Data provided below:

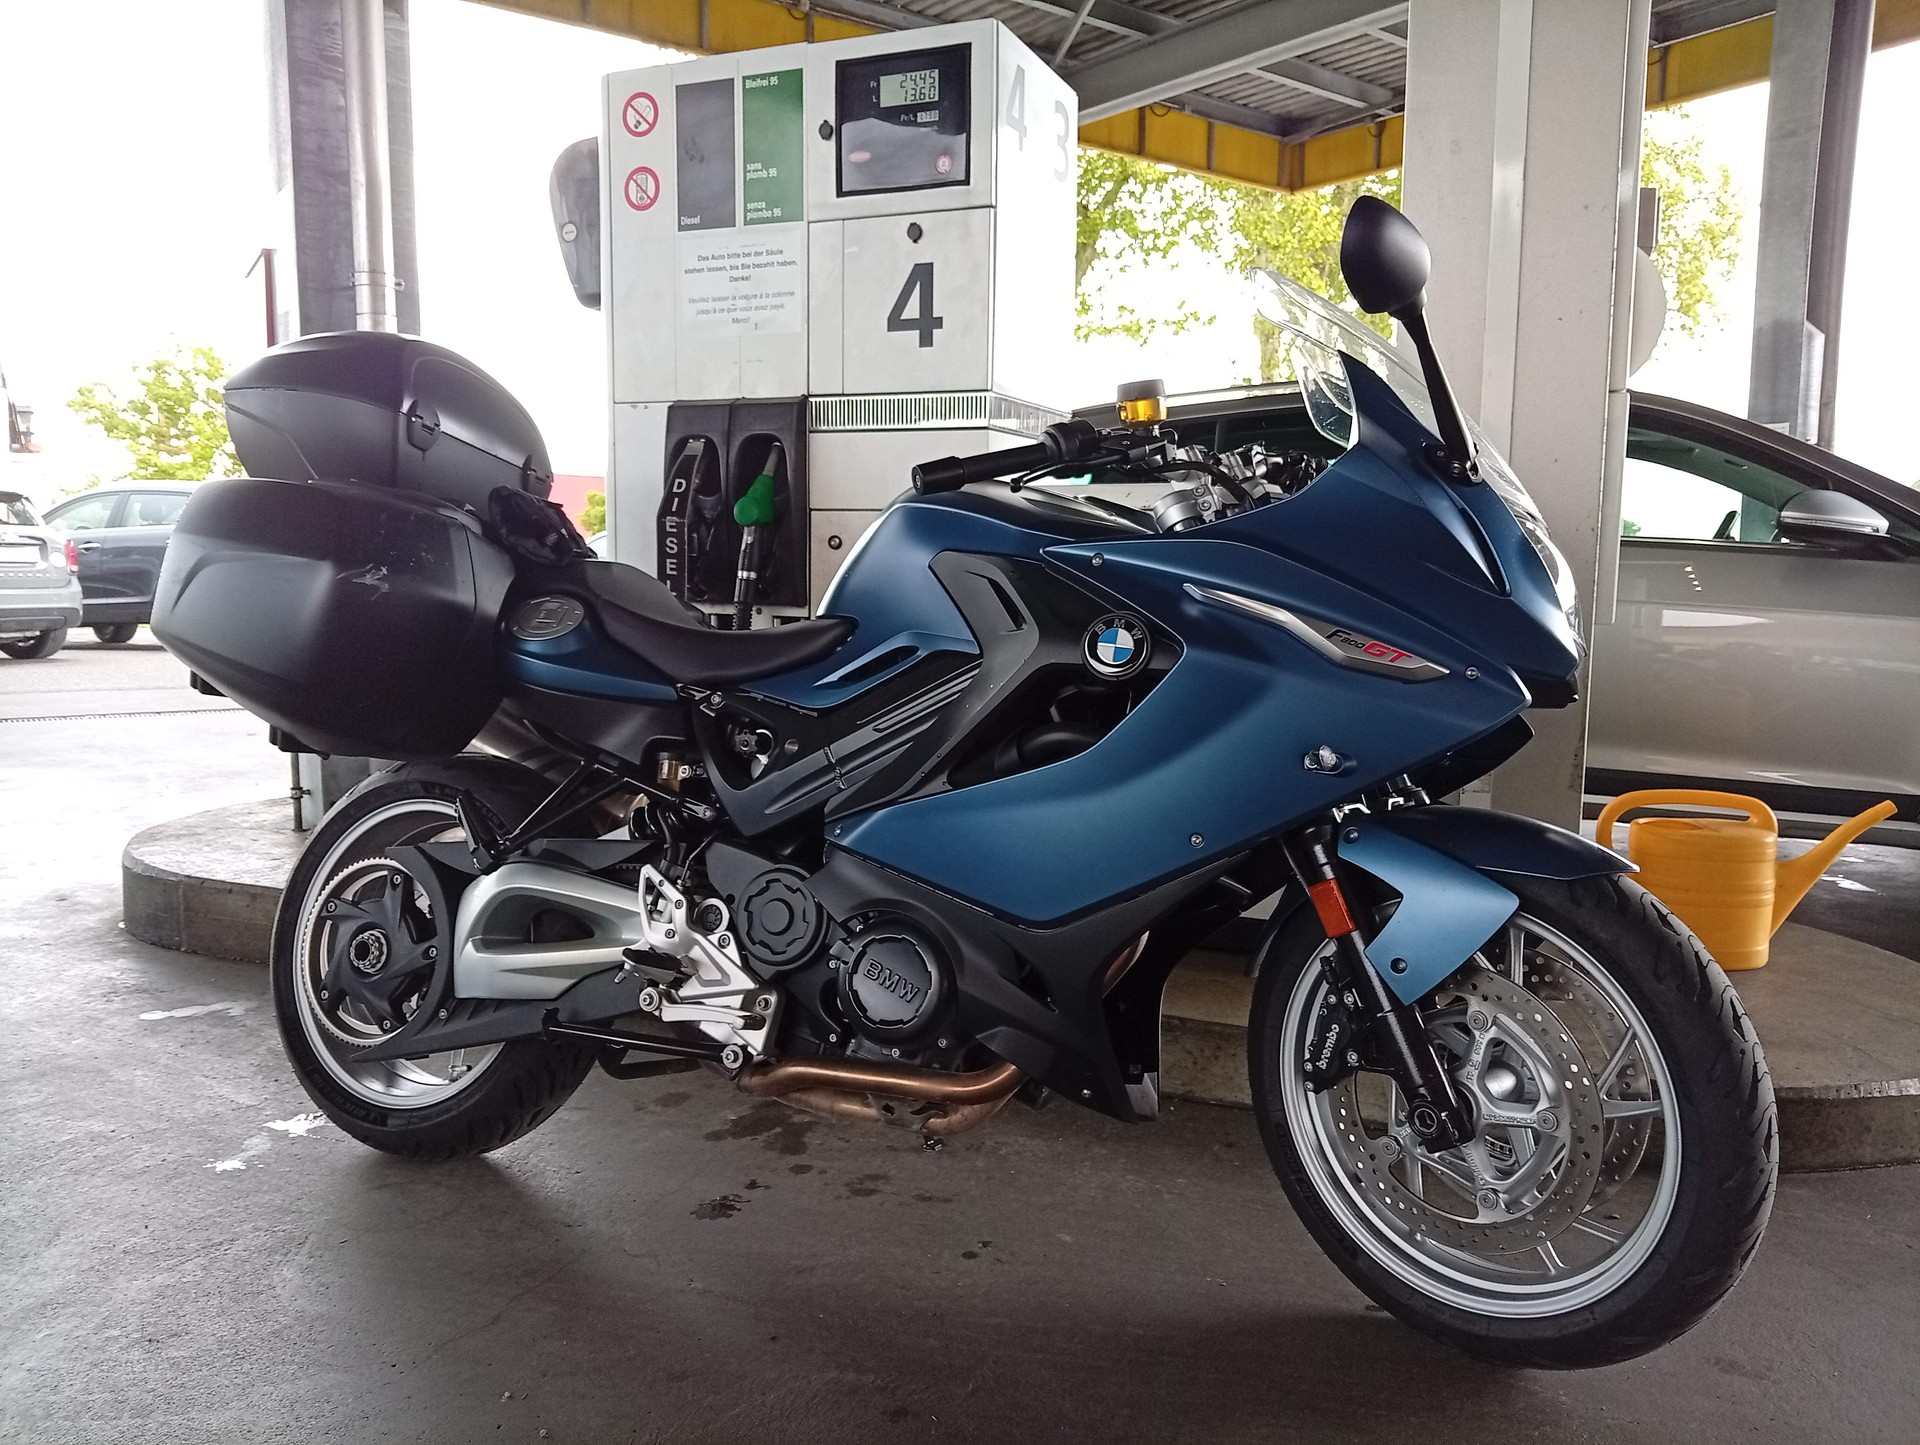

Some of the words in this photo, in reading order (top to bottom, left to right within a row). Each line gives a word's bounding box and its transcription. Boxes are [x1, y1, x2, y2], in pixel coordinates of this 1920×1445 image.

[745, 77, 769, 89] Bleifrei
[769, 76, 779, 86] 95
[900, 70, 936, 88] 24.45
[904, 85, 936, 102] 13.60
[1006, 64, 1027, 152] 4
[1055, 100, 1070, 183] 3
[746, 162, 762, 171] sans
[746, 169, 768, 181] plomb
[768, 168, 777, 178] 95
[746, 201, 766, 210] senza
[680, 215, 701, 226] Diesel
[746, 209, 772, 221] piombo
[772, 207, 782, 218] 95
[727, 252, 741, 260] bitte
[752, 261, 775, 269] bezahlt
[776, 259, 798, 267] haben.
[729, 275, 752, 283] Danke!
[887, 262, 943, 348] 4
[1095, 618, 1143, 640] BMW
[863, 958, 920, 1004] BMW
[1315, 1024, 1340, 1070] brembo

End of Data provided.

- Work instruction:
A verbatim copy of the entries, stripped of pictures, should be produced.

- Response box:
Some of the words in this photo, in reading order (top to bottom, left to right within a row). Each line gives a word's bounding box and its transcription. Boxes are [x1, y1, x2, y2], in pixel coordinates of this 1920×1445 image.

[745, 77, 769, 89] Bleifrei
[769, 76, 779, 86] 95
[900, 70, 936, 88] 24.45
[904, 85, 936, 102] 13.60
[1006, 64, 1027, 152] 4
[1055, 100, 1070, 183] 3
[746, 162, 762, 171] sans
[746, 169, 768, 181] plomb
[768, 168, 777, 178] 95
[746, 201, 766, 210] senza
[680, 215, 701, 226] Diesel
[746, 209, 772, 221] piombo
[772, 207, 782, 218] 95
[727, 252, 741, 260] bitte
[752, 261, 775, 269] bezahlt
[776, 259, 798, 267] haben.
[729, 275, 752, 283] Danke!
[887, 262, 943, 348] 4
[1095, 618, 1143, 640] BMW
[863, 958, 920, 1004] BMW
[1315, 1024, 1340, 1070] brembo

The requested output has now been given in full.